Middle Latency Response (MLR)

15 February 2022
10 - 30 mins
Reading

What are middle-latency responses (MLRs)?

Middle-latency responses (MLRs) are related to auditory generators of the subcortical regions Na and Pa components at cortical levels. Na is considered the onset of the MLR and Pa is considered the most robust component of the MLR.

 

Why measure MLRs?

MLR has the potential to offer a more complete picture of the status of the auditory system and can be used to help determine the degree of hearing loss. The most common neurological use of the MLR is for the assessment of the functional integrity of the auditory pathway above the level of the brainstem in cases with suspected lesions and for the assessment of nonorganic hearing loss.

Further, MLR is used in instances of traumatic brain injury, cortical deafness, multiple sclerosis, and cases of central auditory processing disorders.

Young children and infants may not present MLR even when their auditory and neurological functions are intact, because of their higher sensitivity to stimulus rate. In general MLR from children younger than 10 years should be interpreted with caution. It is also important to note that prior to the level of interest the auditory function should be examined and working normally, if not this will affect the MLR results.

The stimuli used for MLR is similar to the traditional ABR octave wide stimuli.

 

How to measure MLRs

 

Patient preparation

The patient is instructed to relax and informed about the test procedure prior to testing. MLRs are most reliable when the patient is awake and quiet.

During sedation - as with natural sleep - the MLR response is not affected.

 

Electrode placement

It is possible to obtain MLR with a standard ABR electrode montage. Due to the latency of the MLR measurement, it is important to pay attention to the PAM muscle artifact, so it is not misinterpreted as an MLR.
To minimize the influence of the PAM muscle, ensure that the patient is calm and relaxed and place the electrodes on the earlobe rather than on the mastoid.

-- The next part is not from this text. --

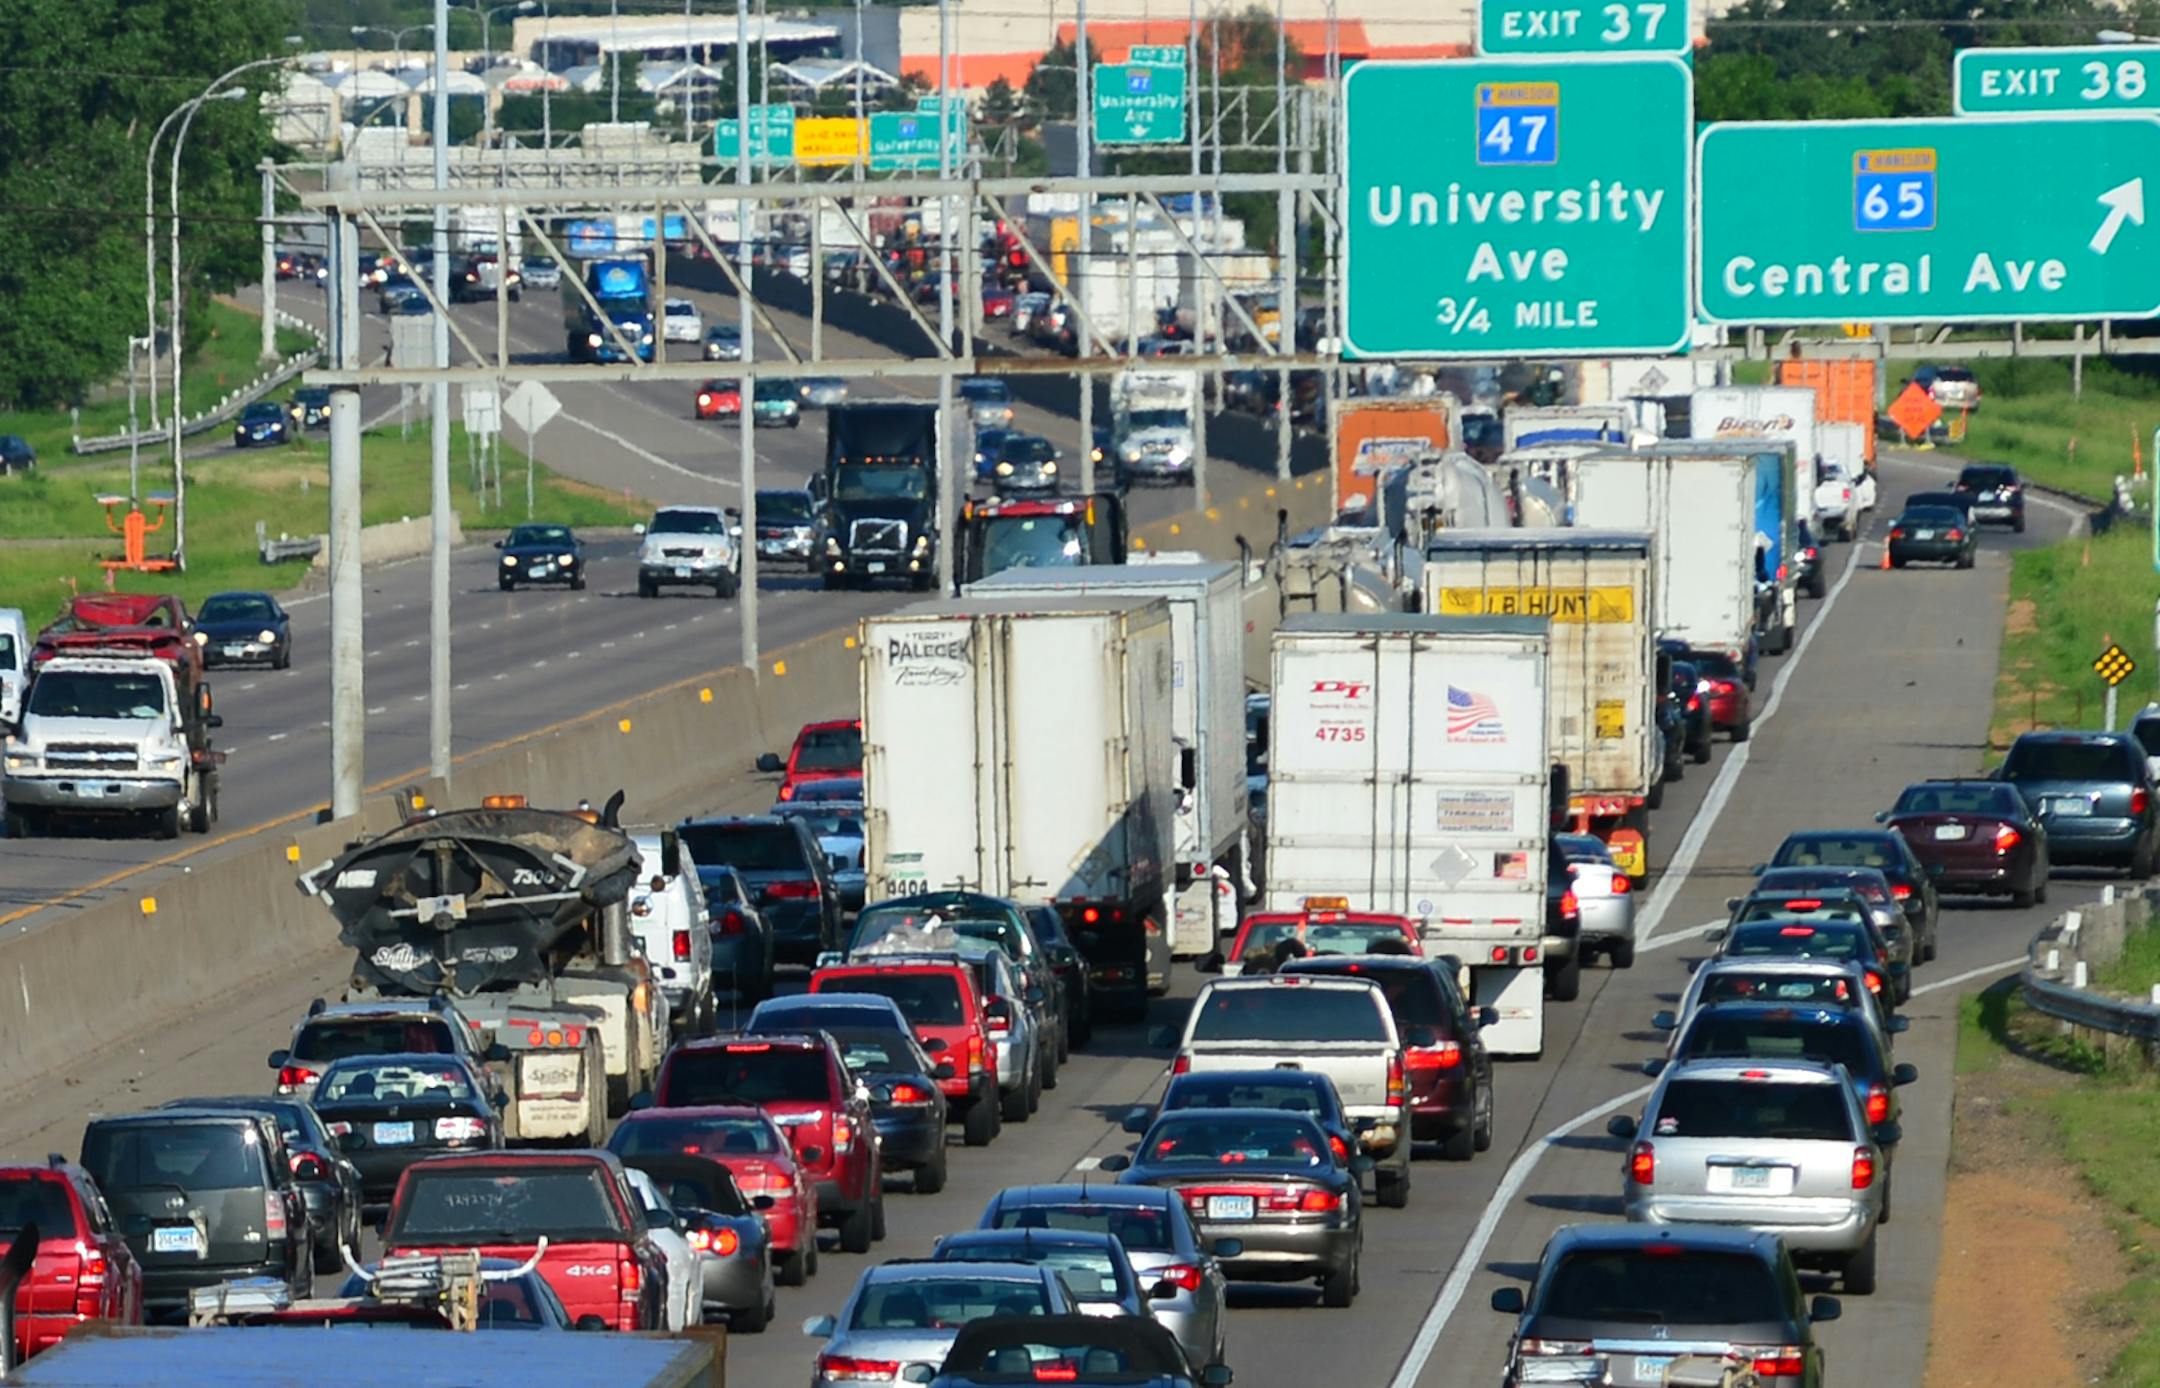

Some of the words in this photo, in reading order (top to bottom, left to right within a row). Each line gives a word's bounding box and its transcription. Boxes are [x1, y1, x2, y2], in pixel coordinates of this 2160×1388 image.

Man with right electrode on right mastoid, vertex electrode on high forehead, ground electrode on low forehead, and left electrode on left mastoid.

Setting up the Eclipse

The Eclipse comes with a pre-programmed protocol for MLR testing (license) and is ready to use immediately. Protocols can be created or modified easily to fit your clinic needs. Consult your Eclipse Additional Information to learn how to create or modify a protocol.

 

Protocol settings

  • An MLR should be measured using traditional ABR stimuli, such as Toneburst 250-4000 Hz, stimuli from the CE-Chirp® LS family or custom wave files at a moderate intensity level
  • For neuro diagnosis, a moderate stimuli intensity below 70 dB nHL is appropriate
  • For threshold estimation, present stimuli levels as done with traditional ABR threshold testing
  • A slower rate is indicated for younger children or for patients with cortical pathology. Normal rate for adults is below 7.1 stimuli per second
  • Stimuli rates as low as 1 per second or 0.5 per second are required to consistently record the Pb component

 

Interpretation of the MLR result

The MLR latency ranges from 15-80 ms and amplitude sizes ranges from 0-2 uV.



An MLR threshold recording here using 1 kHz tone burst for threshold evaluation.

 

Cochlear implants

The longer latencies of the MLR separate them from the cochlear implant stimuli artifacts seen under the traditional eABR. Therefore, MLRs may be used to assess the efficacy of cochlear implants in activating the auditory pathway.

 

Reporting

Choose the Report Icon
When complete, choose Save and Exit.

 

References

Atcherson, S.R. & Kennett, S.W. (2013), Applications of middle and late latency responses, ENT & Audiology news (20)4.

Roeser, R.J., Valente, M., Hosford-Dunn, H. (2007). Audiology Diagnosis, Theime 2nd ed.